■ Provided entries
§
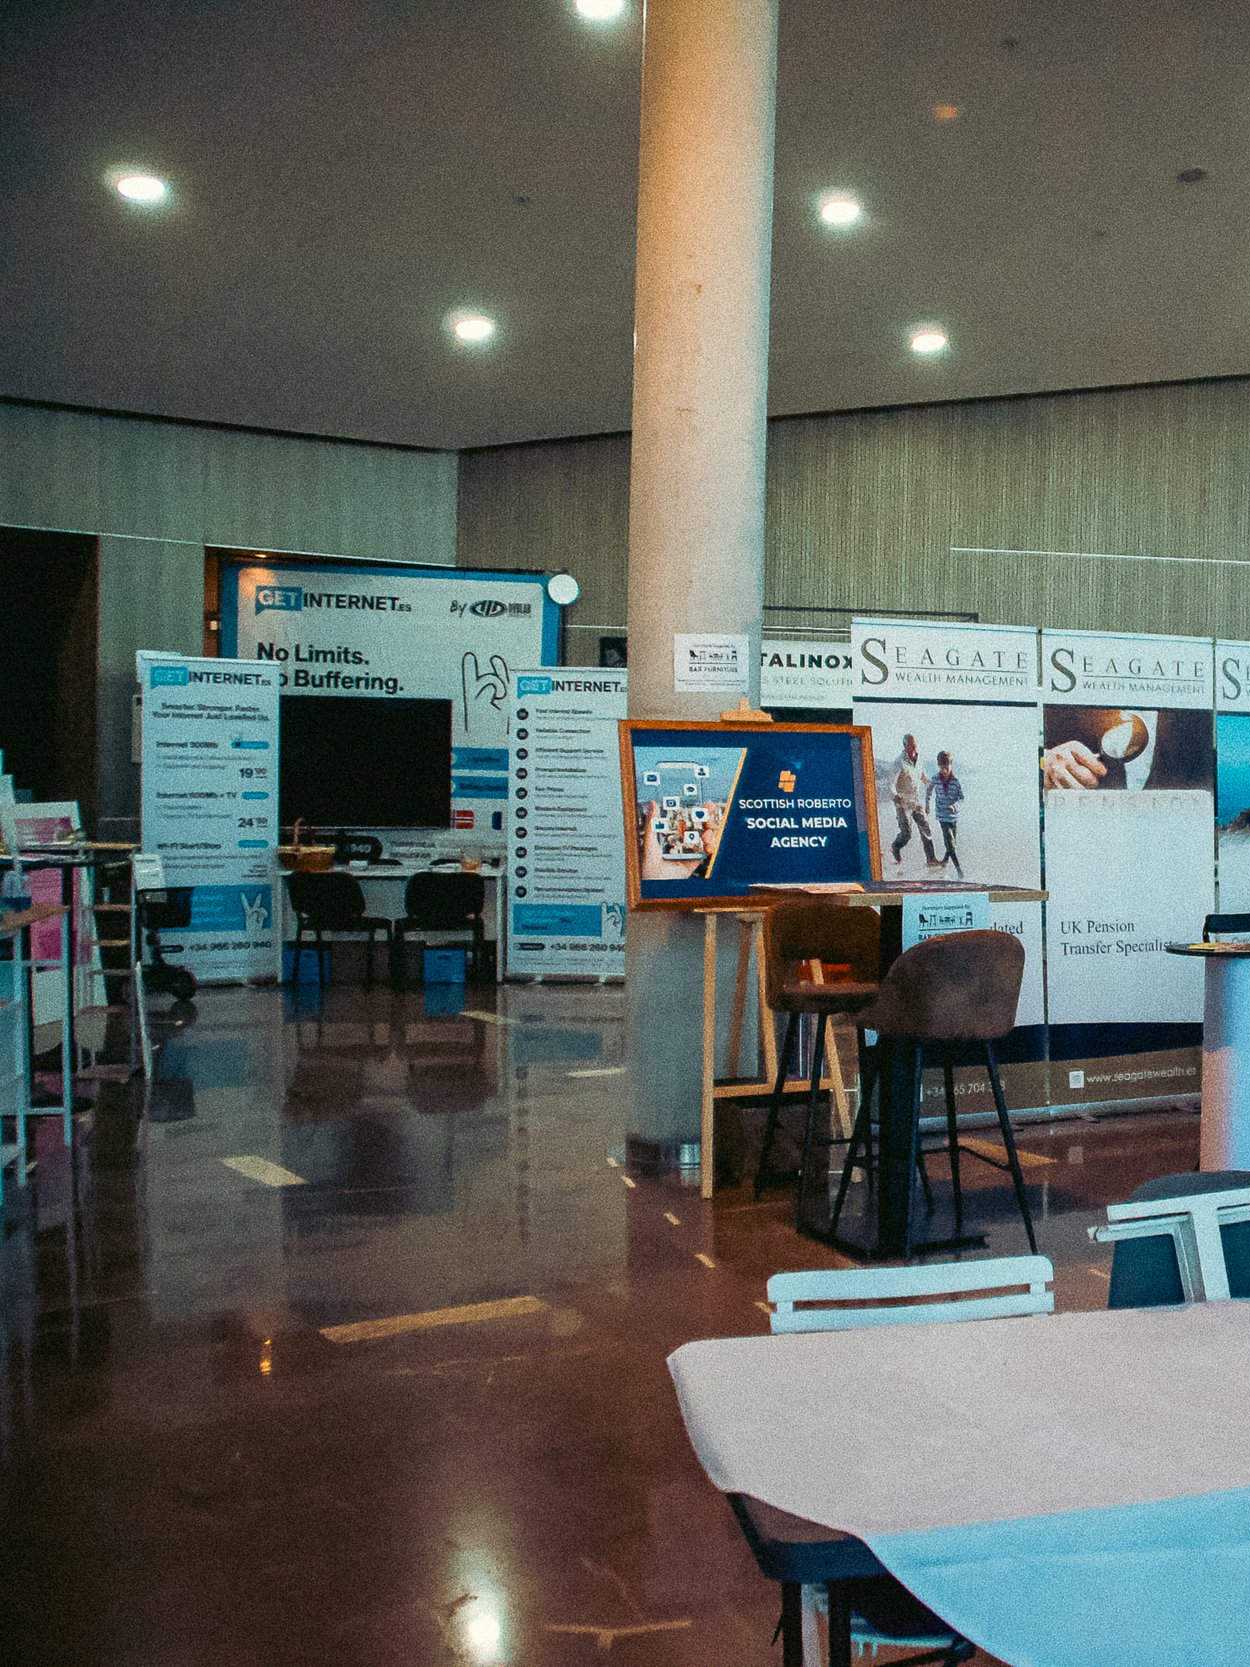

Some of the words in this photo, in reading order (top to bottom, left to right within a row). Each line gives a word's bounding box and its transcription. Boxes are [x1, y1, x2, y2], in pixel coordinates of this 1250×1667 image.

[258, 590, 297, 607] GET
[450, 600, 466, 618] By
[257, 642, 288, 661] No
[294, 644, 369, 666] Limits.
[861, 638, 1028, 686] SEAGATE
[1050, 648, 1205, 693] SEAGATE
[294, 669, 404, 694] Buffering.
[895, 671, 941, 683] WEALTH
[946, 673, 1029, 687] MANAGEMENT
[1083, 680, 1125, 691] WEALTH
[1129, 682, 1205, 694] MANAGEMENT
[739, 799, 795, 809] SCOTTISH
[797, 798, 852, 809] ROBERTO
[747, 817, 799, 829] SOCIAL
[801, 817, 848, 828] MEDIA
[770, 836, 827, 848] AGENCY
[990, 921, 1024, 935] lated
[1060, 921, 1082, 934] UK
[1087, 919, 1135, 933] Pension
[1061, 941, 1112, 956] Transfer
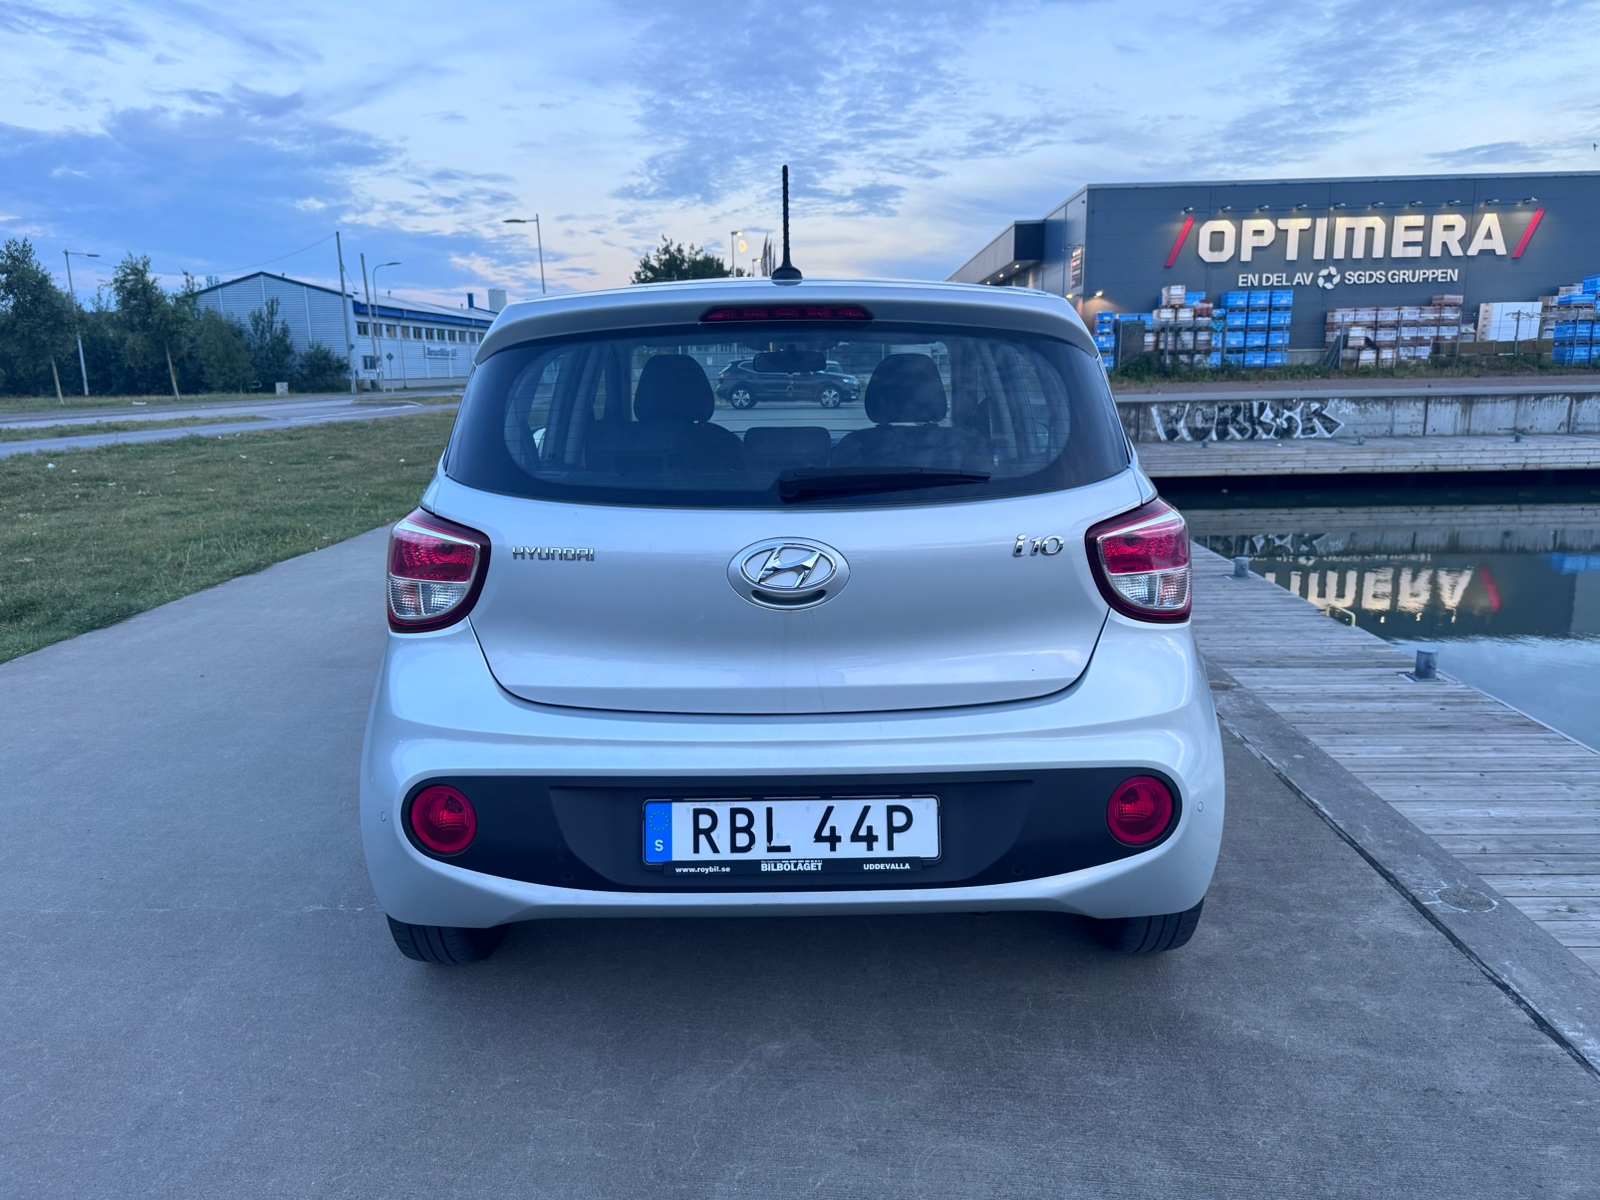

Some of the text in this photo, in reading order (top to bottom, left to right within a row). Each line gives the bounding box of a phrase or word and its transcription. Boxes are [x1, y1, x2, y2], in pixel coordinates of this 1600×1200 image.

[1198, 213, 1507, 263] OPTIMERA
[1238, 268, 1459, 287] EN DEL AV SGDS GRUPPEN
[512, 546, 595, 561] HYUNDAI
[1012, 534, 1065, 557] i10
[693, 804, 913, 854] RBL 44P
[655, 839, 664, 852] S
[675, 866, 731, 874] www.roybil.se
[761, 863, 822, 872] BILBOLAGET
§
■ Task goal
Without including any pictures, print each record exactly.

■ Answer to the exercise
Some of the words in this photo, in reading order (top to bottom, left to right within a row). Each line gives a word's bounding box and its transcription. Boxes are [x1, y1, x2, y2], in pixel coordinates of this 1250×1667 image.

[258, 590, 297, 607] GET
[450, 600, 466, 618] By
[257, 642, 288, 661] No
[294, 644, 369, 666] Limits.
[861, 638, 1028, 686] SEAGATE
[1050, 648, 1205, 693] SEAGATE
[294, 669, 404, 694] Buffering.
[895, 671, 941, 683] WEALTH
[946, 673, 1029, 687] MANAGEMENT
[1083, 680, 1125, 691] WEALTH
[1129, 682, 1205, 694] MANAGEMENT
[739, 799, 795, 809] SCOTTISH
[797, 798, 852, 809] ROBERTO
[747, 817, 799, 829] SOCIAL
[801, 817, 848, 828] MEDIA
[770, 836, 827, 848] AGENCY
[990, 921, 1024, 935] lated
[1060, 921, 1082, 934] UK
[1087, 919, 1135, 933] Pension
[1061, 941, 1112, 956] Transfer

Some of the text in this photo, in reading order (top to bottom, left to right within a row). Each line gives the bounding box of a phrase or word and its transcription. Boxes are [x1, y1, x2, y2], in pixel coordinates of this 1600×1200 image.

[1198, 213, 1507, 263] OPTIMERA
[1238, 268, 1459, 287] EN DEL AV SGDS GRUPPEN
[512, 546, 595, 561] HYUNDAI
[1012, 534, 1065, 557] i10
[693, 804, 913, 854] RBL 44P
[655, 839, 664, 852] S
[675, 866, 731, 874] www.roybil.se
[761, 863, 822, 872] BILBOLAGET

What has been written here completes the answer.